__INSTRUCTIONS TO FOLLOW__.
Repeat the listing that follows exactly. Pictures are not part of the copy.

__DATASET RECORDS__.
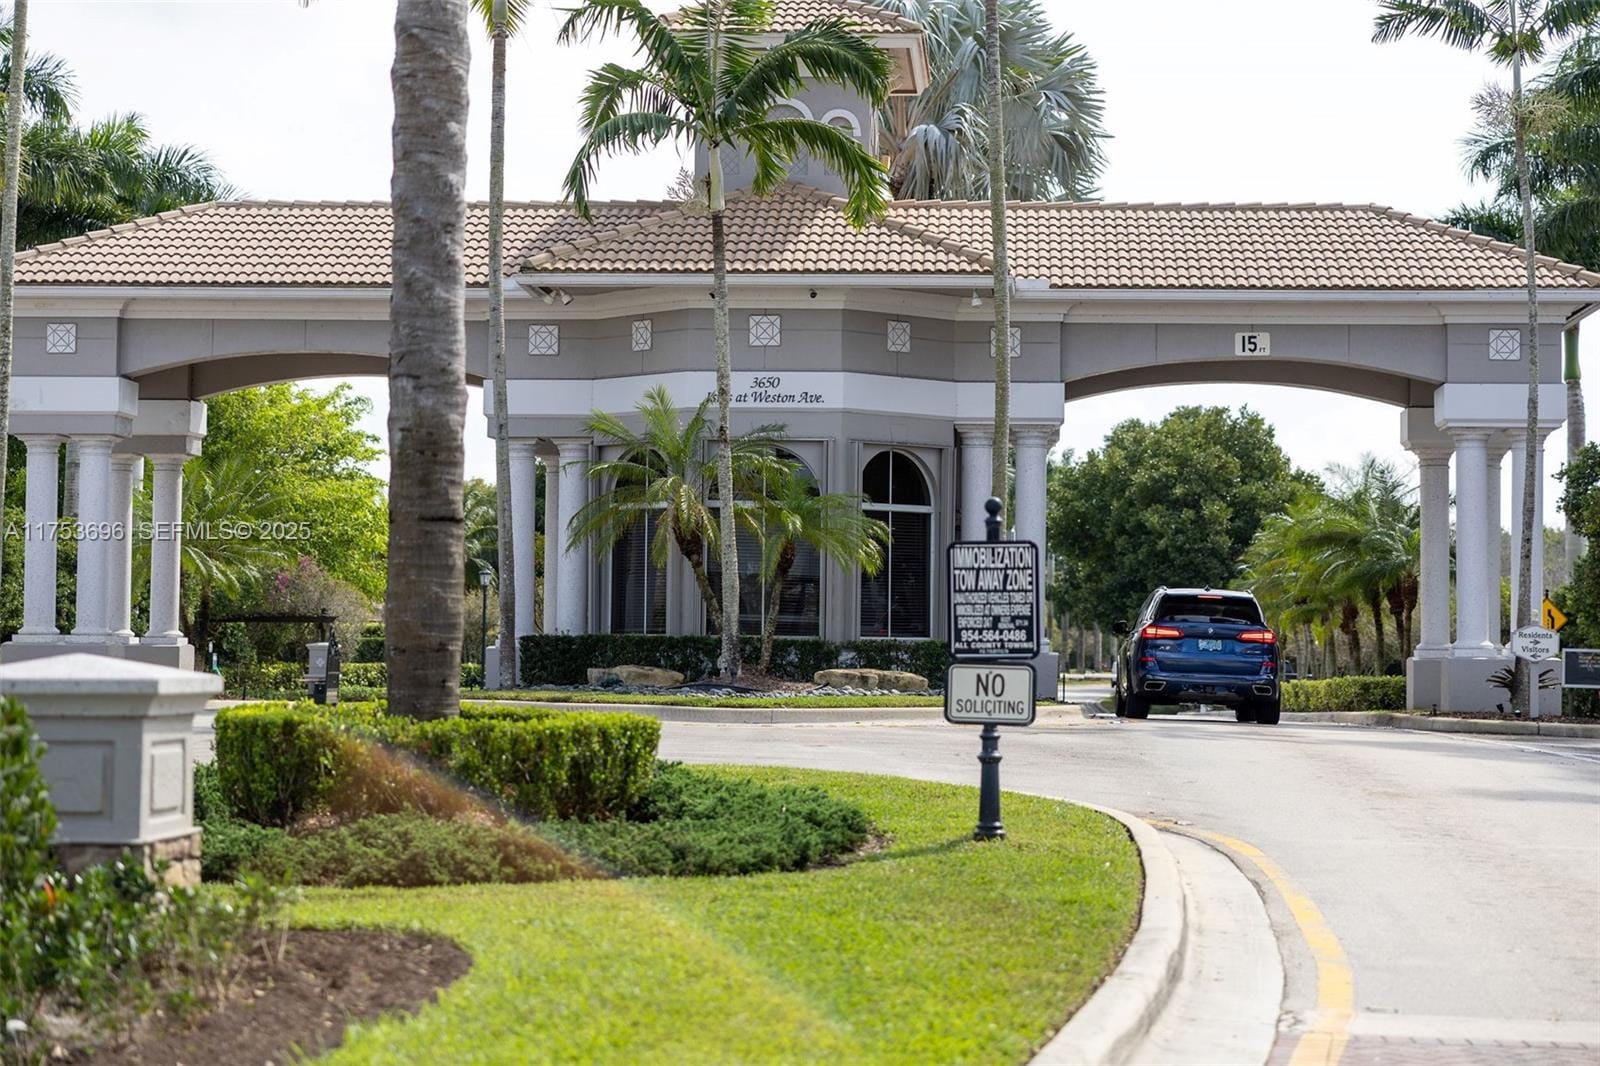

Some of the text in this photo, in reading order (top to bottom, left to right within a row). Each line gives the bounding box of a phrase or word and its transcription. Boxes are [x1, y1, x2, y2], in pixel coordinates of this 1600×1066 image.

[1242, 335, 1257, 353] 15
[750, 376, 780, 389] 3650
[735, 392, 748, 403] at
[751, 390, 795, 403] Weston
[797, 391, 824, 403] Ave.
[954, 547, 1032, 568] IMMOBILIZATION
[954, 569, 1032, 590] TOW AWAY ZONE
[961, 629, 1027, 641] 954-564-0486
[1519, 631, 1553, 639] Residents
[976, 673, 1005, 697] NO
[956, 698, 1025, 715] SOLICITING

__ANSWER TO THIS TASK__.
Some of the text in this photo, in reading order (top to bottom, left to right within a row). Each line gives the bounding box of a phrase or word and its transcription. Boxes are [x1, y1, x2, y2], in pixel coordinates of this 1600×1066 image.

[1242, 335, 1257, 353] 15
[750, 376, 780, 389] 3650
[735, 392, 748, 403] at
[751, 390, 795, 403] Weston
[797, 391, 824, 403] Ave.
[954, 547, 1032, 568] IMMOBILIZATION
[954, 569, 1032, 590] TOW AWAY ZONE
[961, 629, 1027, 641] 954-564-0486
[1519, 631, 1553, 639] Residents
[976, 673, 1005, 697] NO
[956, 698, 1025, 715] SOLICITING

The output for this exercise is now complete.